Sesaat Bondan merenungi dengan suara lirih seraya melihat kedua telapak tangannya, “Sepasang tangan..tangan dan tangan! Tetapi itu tidak mengenai diriku. Ini tentang kata-kata Eyang Gajahyana bahwa manusia hidup di dunia dengan tujuan paripurna.
“Eyang pernah mengatakan, ‘Selain kedua tangan dan kedua kaki, manusia juga dibekali perasaan serta kemampuan berpikir. Kemampuan ini jelas membedakan manusia dengan makhluk yang lain. Semua itu bukanlah diberikan tanpa ada tujuan. Berkarya dan menikmati setiap ciptaan Yang Maha Sempurna adalah jalan lain untuk berterima kasih.’
“Ya, dan aku menyatakan terima kasih itu dengan membunuh seseorang.”
Penyesalan terdengar jelas dari kata-kata yang diucapkan oleh Bondan.
“Perasaan yang ada dalam hati setiap manusia akan menjadi penentu akhir, Bondan. Dan setiap orang mempunyai pengendalian yang bertingkat-tingkat dan berbeda,” ucapan Resi Gajahyana mendengung di bagian dalam pendengaran Bondan.
“Seorang lawan yang sangat hebat dan sama sekali tidak menunjukkan watak yang kasar melalui ucapan. Meski saya baru bertemu dengannya, tetapi saya dapat menduganya.
“Paman, mengakhiri hidup seseorang dengan kematian memang bukan jalan terbaik yang harus saya lalui. Peristiwa ini menempatkan saya berada di dalam sebuah ruangan yang berdinding merah. Perasaan berdosa. Saya telah membunuh seseorang,” lirih Bondan berkata dan didengarkan oleh Ken Banawa. Pemuda yang mempunyai kepandaian tinggi itu kembali menghempaskan penyesalan dengan menghela napas panjang. Ia bangkit berdiri sembari menyarungkan keris ke warangkanya dengan tangan gemetar.
“Sekalipun seseorang dalam hidupnya juga banyak melakukan kesalahan, tetapi saya tidak tahu apakah memang benar sebuah pembunuhan dapat menghentikan kejahatan? Kedahsyatan ilmunya, apakah telah ia gunakan untuk sebuah kebaikan?” bertanya Bondan pada dirinya dengan suara sedikit keras.
Ken Banawa menarik napas dalam-dalam, lalu berkata, “Setiap orang telah menentukan jalan hidupnya, dan ia sering membuat keputusan berdasarkan persitiwa yang tengah berlangsung di sekitarnya. Sedikit yang mengajukan kejadian di masa lampau sebagai pertimbangan. Dan kau dapat melihat jika setiap keputusan selalu membuahkan akibat yang berada di luar harapan dan dugaan.”

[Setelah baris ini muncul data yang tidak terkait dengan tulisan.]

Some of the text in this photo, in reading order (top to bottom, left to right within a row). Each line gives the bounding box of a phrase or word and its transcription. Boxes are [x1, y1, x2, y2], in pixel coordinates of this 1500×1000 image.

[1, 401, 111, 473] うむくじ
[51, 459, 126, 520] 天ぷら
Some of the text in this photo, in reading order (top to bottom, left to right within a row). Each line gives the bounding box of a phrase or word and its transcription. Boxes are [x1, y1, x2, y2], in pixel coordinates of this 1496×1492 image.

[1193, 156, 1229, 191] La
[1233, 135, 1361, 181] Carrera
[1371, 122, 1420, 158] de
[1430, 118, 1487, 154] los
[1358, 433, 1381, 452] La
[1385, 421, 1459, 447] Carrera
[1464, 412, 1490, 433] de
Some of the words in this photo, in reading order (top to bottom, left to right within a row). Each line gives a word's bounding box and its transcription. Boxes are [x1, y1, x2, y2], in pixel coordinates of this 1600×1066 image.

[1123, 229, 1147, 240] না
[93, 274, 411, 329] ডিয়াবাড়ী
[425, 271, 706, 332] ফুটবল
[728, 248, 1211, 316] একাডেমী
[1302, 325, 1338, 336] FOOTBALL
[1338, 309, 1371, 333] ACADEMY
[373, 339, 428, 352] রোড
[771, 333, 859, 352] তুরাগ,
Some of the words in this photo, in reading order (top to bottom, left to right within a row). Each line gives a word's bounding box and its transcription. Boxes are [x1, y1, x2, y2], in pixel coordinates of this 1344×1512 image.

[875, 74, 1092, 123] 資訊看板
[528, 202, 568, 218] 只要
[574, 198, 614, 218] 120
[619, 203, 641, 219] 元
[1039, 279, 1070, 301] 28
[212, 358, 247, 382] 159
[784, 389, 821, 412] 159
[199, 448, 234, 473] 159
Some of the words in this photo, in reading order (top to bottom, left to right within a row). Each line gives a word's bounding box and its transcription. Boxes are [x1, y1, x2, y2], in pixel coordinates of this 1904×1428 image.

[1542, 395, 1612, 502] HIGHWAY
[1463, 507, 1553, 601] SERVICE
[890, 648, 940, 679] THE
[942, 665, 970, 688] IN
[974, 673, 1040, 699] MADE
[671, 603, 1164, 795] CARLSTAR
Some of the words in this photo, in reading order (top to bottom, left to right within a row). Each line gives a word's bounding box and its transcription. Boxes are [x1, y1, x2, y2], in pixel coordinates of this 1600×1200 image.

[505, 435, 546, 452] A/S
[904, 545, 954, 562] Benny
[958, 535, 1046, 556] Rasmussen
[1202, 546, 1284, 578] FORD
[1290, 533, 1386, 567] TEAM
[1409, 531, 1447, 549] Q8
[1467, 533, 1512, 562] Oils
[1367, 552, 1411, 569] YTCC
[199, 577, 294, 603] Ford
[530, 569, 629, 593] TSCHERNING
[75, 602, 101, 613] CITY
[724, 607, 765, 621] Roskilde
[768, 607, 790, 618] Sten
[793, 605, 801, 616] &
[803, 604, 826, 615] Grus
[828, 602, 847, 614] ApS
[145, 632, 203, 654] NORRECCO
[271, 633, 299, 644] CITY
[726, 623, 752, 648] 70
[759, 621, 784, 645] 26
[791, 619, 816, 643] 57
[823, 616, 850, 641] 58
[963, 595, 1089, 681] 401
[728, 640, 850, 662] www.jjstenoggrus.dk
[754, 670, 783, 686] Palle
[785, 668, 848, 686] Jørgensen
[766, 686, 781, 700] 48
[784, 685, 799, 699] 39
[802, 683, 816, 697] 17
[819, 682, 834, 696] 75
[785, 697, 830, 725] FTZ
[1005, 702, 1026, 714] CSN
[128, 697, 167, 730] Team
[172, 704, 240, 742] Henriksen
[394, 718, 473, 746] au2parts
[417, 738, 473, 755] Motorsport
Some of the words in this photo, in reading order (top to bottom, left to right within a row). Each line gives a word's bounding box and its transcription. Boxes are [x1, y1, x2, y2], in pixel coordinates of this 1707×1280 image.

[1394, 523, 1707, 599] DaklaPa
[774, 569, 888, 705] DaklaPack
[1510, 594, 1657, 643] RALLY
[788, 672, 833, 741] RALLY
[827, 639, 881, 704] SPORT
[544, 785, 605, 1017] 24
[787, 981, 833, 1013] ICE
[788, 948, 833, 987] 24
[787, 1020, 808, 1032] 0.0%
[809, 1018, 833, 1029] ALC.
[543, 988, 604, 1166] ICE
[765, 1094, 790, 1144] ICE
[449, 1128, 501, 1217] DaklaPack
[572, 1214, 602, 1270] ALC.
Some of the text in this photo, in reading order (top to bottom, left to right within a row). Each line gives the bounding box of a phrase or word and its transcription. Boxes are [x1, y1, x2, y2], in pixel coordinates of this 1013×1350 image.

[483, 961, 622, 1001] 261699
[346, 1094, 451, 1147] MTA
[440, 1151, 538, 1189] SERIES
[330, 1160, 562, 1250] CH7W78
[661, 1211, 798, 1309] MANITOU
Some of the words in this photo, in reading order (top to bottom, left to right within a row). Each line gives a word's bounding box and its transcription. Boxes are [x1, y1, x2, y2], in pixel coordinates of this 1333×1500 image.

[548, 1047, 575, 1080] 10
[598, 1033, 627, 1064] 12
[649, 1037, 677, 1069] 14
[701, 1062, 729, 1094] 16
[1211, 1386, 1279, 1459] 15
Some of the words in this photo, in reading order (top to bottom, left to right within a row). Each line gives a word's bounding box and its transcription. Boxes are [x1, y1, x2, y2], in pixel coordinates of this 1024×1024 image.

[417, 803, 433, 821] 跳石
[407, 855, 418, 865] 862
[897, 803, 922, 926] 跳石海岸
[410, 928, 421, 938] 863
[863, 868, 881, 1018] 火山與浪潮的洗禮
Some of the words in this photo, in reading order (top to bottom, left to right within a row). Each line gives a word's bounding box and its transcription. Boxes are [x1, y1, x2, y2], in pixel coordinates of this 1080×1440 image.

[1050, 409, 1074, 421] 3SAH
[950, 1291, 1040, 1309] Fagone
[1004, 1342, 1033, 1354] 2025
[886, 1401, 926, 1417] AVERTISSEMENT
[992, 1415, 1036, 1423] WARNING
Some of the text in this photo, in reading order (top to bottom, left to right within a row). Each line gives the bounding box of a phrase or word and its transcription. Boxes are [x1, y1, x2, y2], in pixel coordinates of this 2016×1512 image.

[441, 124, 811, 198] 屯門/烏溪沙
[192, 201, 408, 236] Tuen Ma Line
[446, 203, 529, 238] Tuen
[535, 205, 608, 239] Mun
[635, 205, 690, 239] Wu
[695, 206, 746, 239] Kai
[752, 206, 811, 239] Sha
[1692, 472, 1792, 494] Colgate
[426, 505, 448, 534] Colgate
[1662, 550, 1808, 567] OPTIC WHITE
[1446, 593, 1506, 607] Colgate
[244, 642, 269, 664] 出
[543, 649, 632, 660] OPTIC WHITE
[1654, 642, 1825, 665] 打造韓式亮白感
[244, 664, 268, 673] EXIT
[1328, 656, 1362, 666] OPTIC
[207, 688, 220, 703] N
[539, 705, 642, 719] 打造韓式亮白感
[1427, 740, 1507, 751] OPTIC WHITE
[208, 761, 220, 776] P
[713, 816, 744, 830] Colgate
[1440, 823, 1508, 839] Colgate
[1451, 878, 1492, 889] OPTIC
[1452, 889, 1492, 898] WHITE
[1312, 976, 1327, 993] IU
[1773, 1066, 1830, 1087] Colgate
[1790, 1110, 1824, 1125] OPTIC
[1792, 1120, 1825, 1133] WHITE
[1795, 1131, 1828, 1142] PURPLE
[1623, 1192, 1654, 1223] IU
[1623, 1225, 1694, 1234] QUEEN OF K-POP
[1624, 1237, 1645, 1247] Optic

Bondan merasa sesak dadanya dan jantungnya lebih cepat berdetak.
“Bagaimanapun juga kematian seperti ini adalah sebuah akibat yang tentu telah dipikirkan oleh Mpu Gemana, Bondan,” Ken Banawa mencoba memberi penjelasan kepada Bondan yang merasa gugup dan gelisah atas kematian Mpu Gemana.
Masih berkata Ken Banawa, “Tidak ada pilihan selain terbunuh atau membunuh ketika kita mendatangi tempat ini. Bahkan untuk berharap agar mereka mau menyerah itu pun akan sia-sia. Keduanya akan lebih memilih terbunuh daripada menyerah. Karena memang seperti itulah watak yang mereka tanamkan ke dalam hati masing-masing. Kadang kala sebuah kehormatan bagi penjahat adalah mati terbunuh.
“Sebagian orang di antara mereka menganggap menyerah adalah sikap yang dimiliki oleh para pengecut.”
Ken Banawa meraih tangan Bondan untuk segera berdiri seraya berujar, “Marilah! Kita kembali ke Trowulan. Dan tenangkan dirimu di sana.”